While it’s great to see that they’ve held on to the sound that pop punk lovers fell in love with, the band can’t just keep reiterating the same sound and expect the same overwhelmingly positive reaction because it’s not new anymore. They’re relatively new to the music world, and one would hope that the band wouldn’t settle for a sound they developed in just a couple of years of making music. “Late Nights In My Car” hints at a slightly heavier edge, especially lead singer Dan Lambton’s almost-screams toward the bridge, but it’s not enough for you to really call it different from anything the band has already done. The only song that really deviates from the band’s norm is “I’ve Given Up On You,” pairing Lambton’s vocals with a mellow electric guitar to deliver a ballad that makes for one of the most emotional and memorable performances on the record.
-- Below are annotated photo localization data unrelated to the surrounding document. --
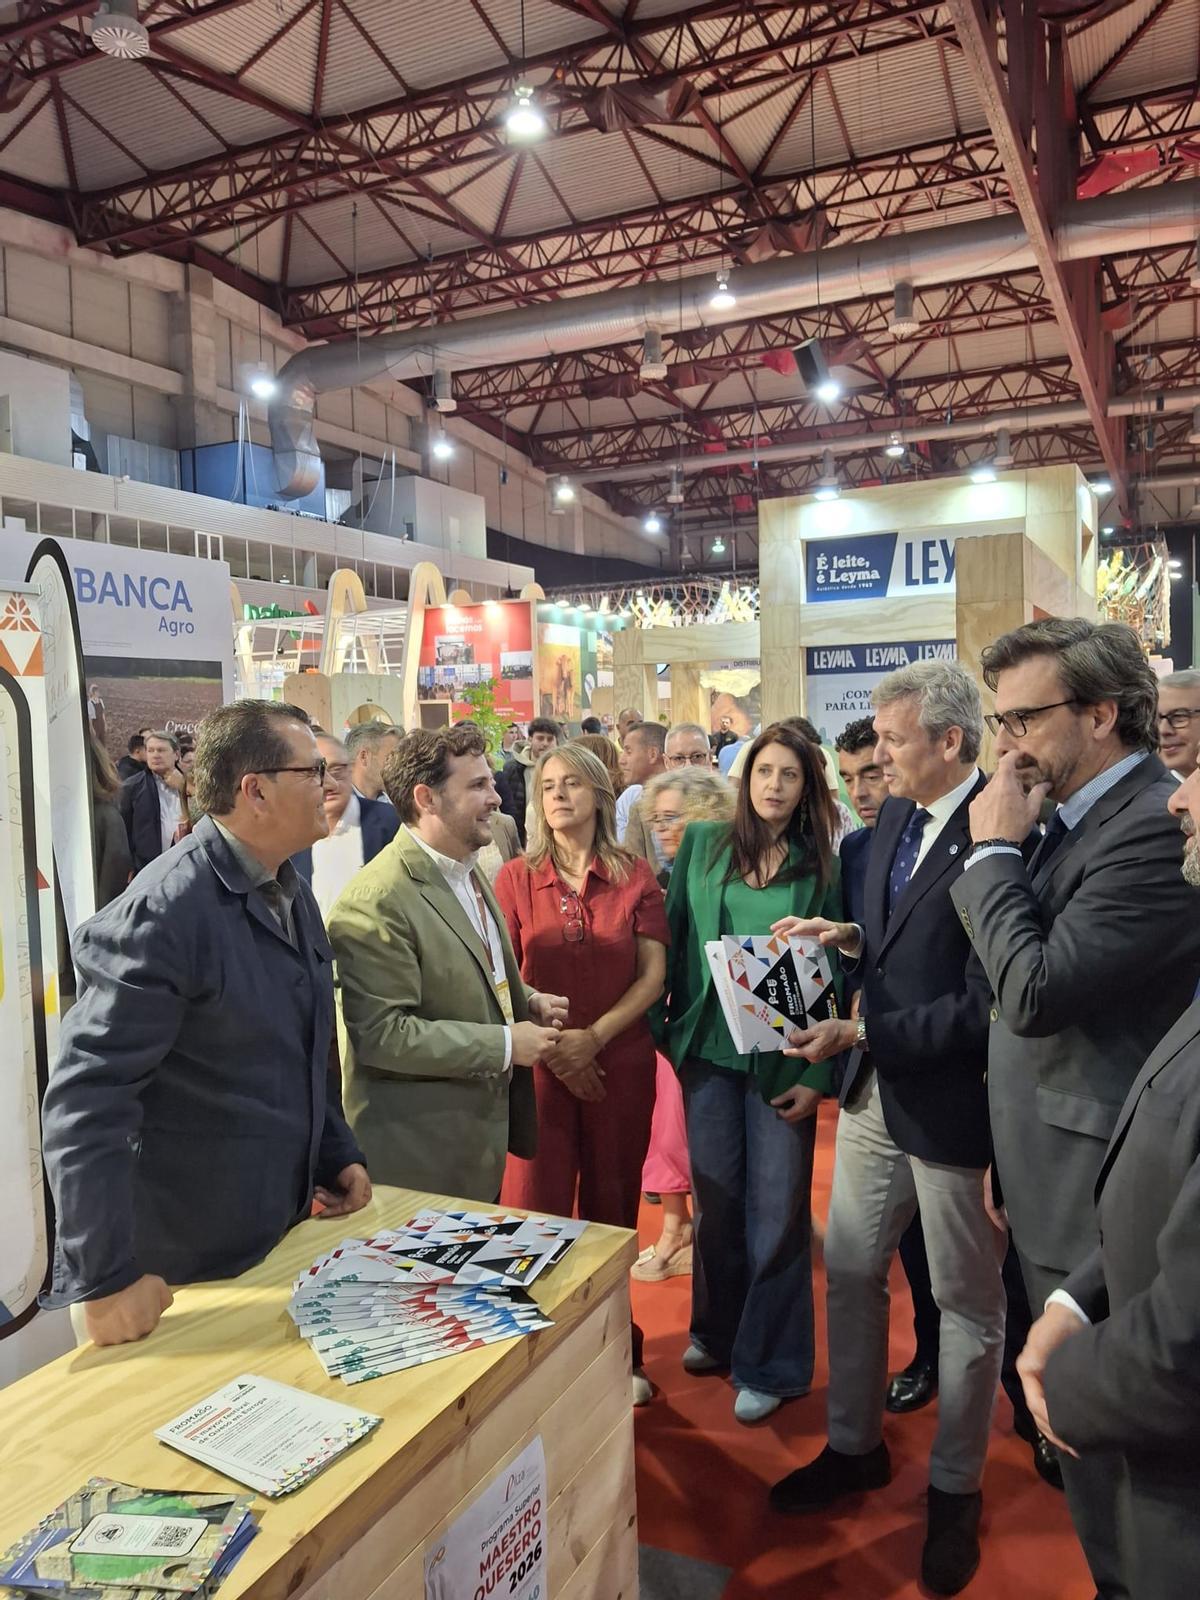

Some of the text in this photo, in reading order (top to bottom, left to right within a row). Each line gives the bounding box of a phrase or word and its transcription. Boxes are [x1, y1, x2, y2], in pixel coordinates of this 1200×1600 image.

[816, 553, 870, 570] É leite,
[816, 569, 880, 584] é Leyma
[905, 539, 956, 586] LEY
[74, 567, 193, 613] BANCA
[159, 616, 195, 637] Agro
[813, 643, 957, 670] LEYMA LEYMA LEYM
[825, 702, 856, 711] PARA
[479, 1499, 541, 1579] MAESTRO
[481, 1514, 514, 1552] Programa
[512, 1484, 540, 1517] Superior
[474, 1519, 541, 1600] QUESERO
[509, 1540, 542, 1594] 2026
Even lyrically this song stood out as one of the most heartfelt and sincere tracks on the record. “Dirty Water” and “Old And All Alone” are noteworthy for their lyrics as well, taking jabs at ex-lovers with lines like “If you wore your personality on your skin, no one would take a second look” and “You wouldn’t know a good thing even if it slapped the makeup right off of your face.” The band’s direct and honest writing style is what set them apart as a group in the first place; if only they had such a noteworthy sound to go with it on this record.
On the other hand, the band had their lyrical disappointments as well. There are three tracks on this EP that reference “bony knees” — “Late Nights In My Car,” “Dead,” and “Lost Boy” — bringing the grand total to five songs over the past year. I get that their fan base is called the Sleepy Eyes and Bony Knees Club, but the constant reference to the phrase is getting kind of old.
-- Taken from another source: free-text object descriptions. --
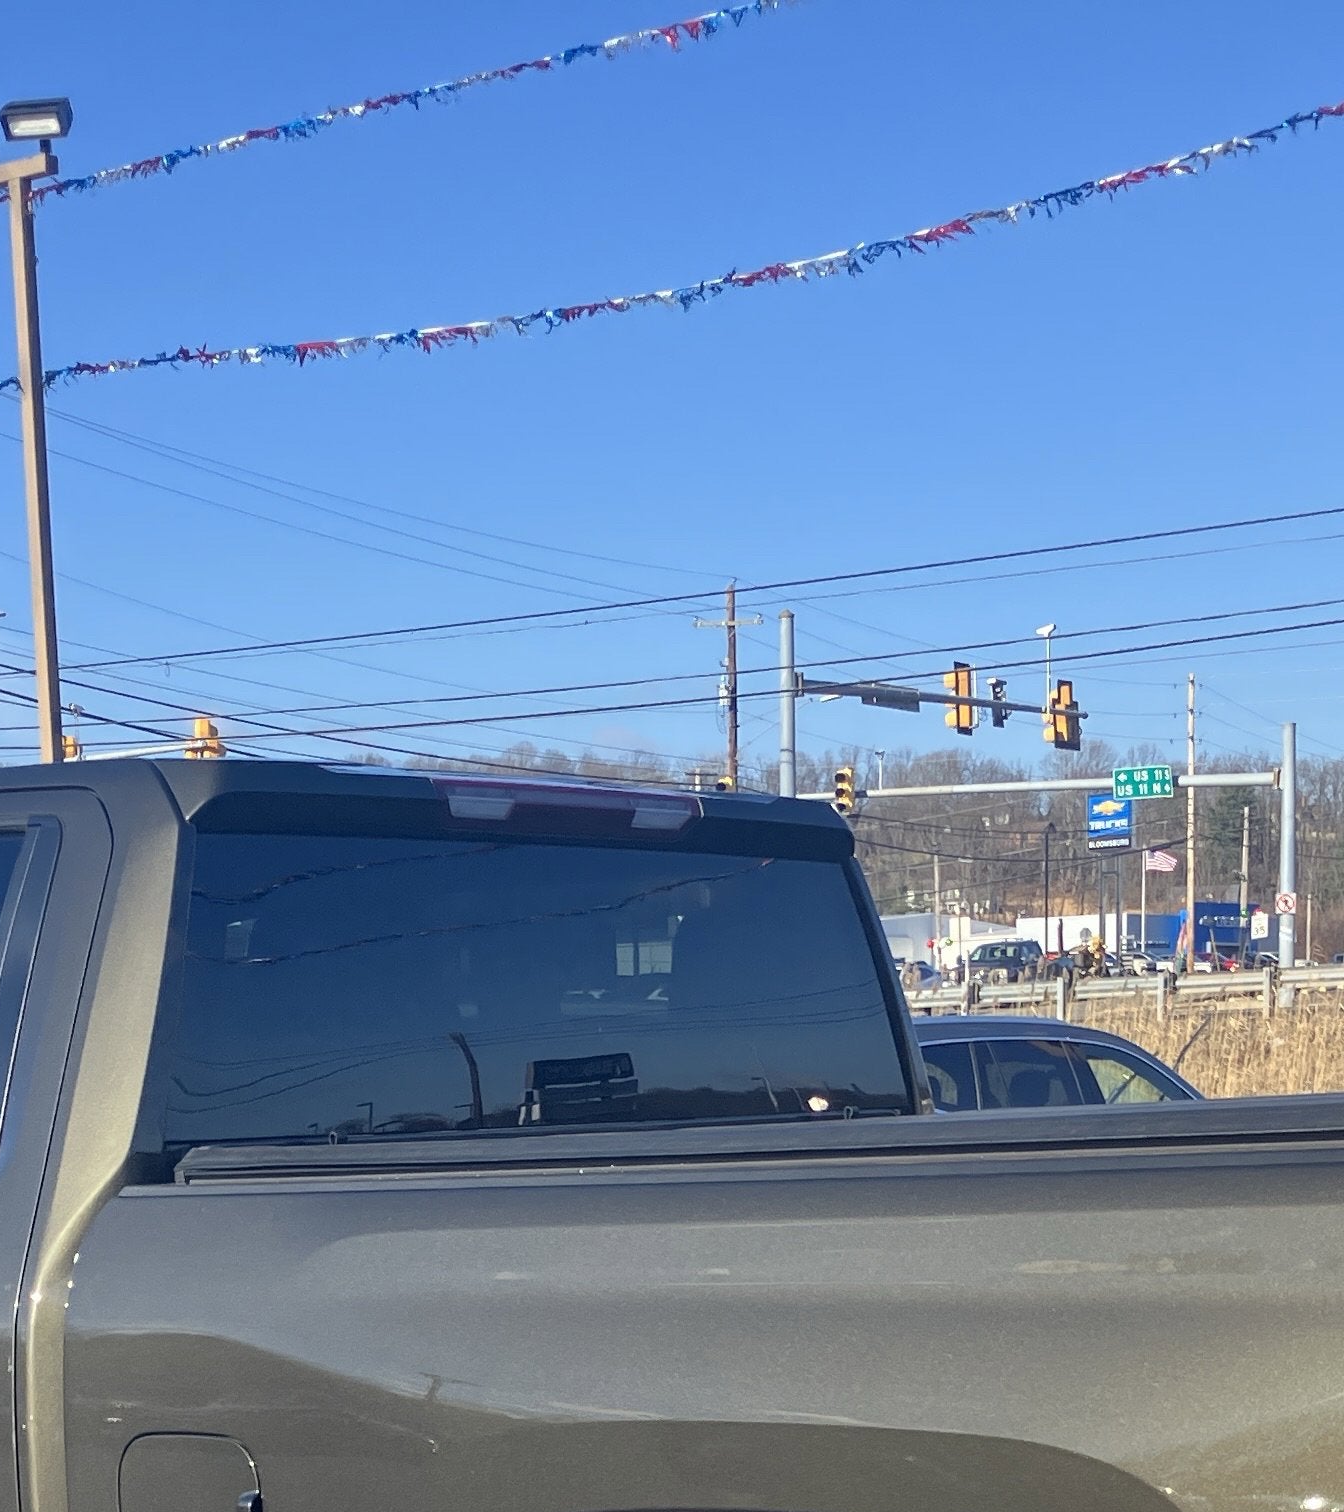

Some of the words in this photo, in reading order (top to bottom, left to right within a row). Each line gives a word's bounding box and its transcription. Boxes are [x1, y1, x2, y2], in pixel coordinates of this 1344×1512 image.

[1133, 770, 1149, 782] US
[1117, 784, 1134, 797] US
[1152, 781, 1162, 794] N
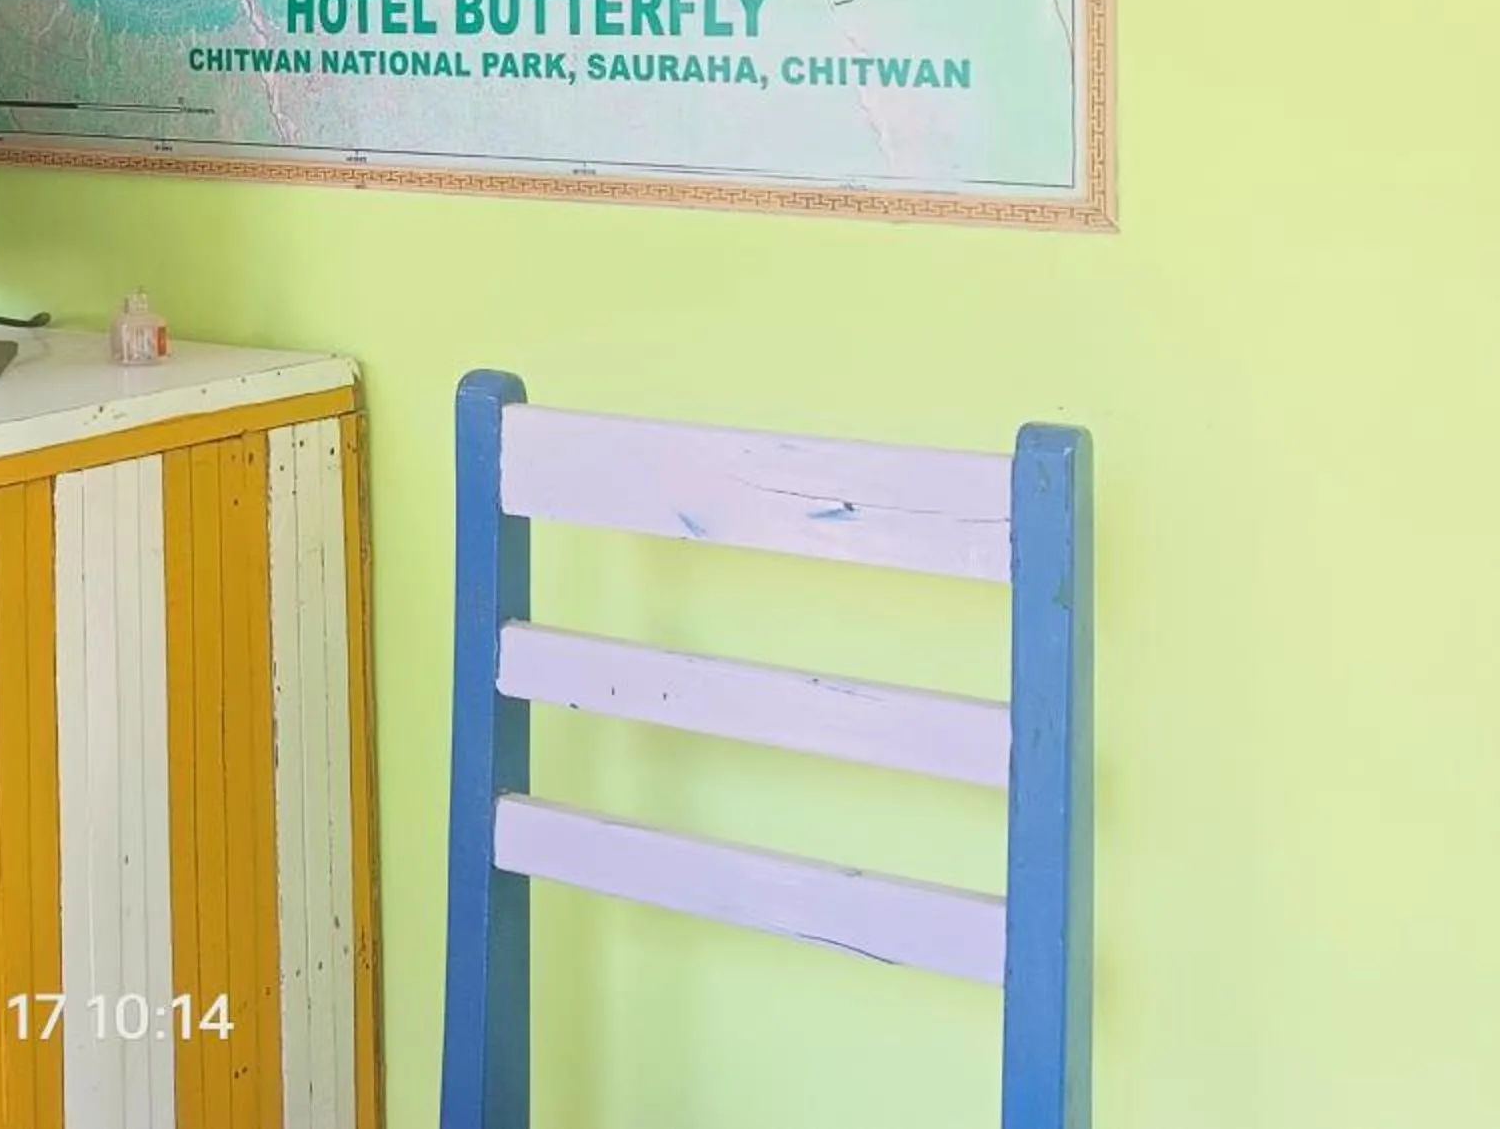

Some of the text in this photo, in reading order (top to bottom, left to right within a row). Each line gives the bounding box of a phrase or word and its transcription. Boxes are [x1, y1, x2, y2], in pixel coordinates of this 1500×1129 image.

[188, 47, 972, 91] CHITWAN NATIONAL PARK, SAURAHA, CHITWAN
Overall, Real Friends sound more cohesive as a group than ever on this record, and they absolutely have the potential to do spectacular things in this music scene in the future. But it’s time for them to reach beyond their boundaries and take more risks going forward. They said it themselves: “If you don’t break, you’ll never know how to put yourself back together,” so why are they so reluctant to try new things with their music?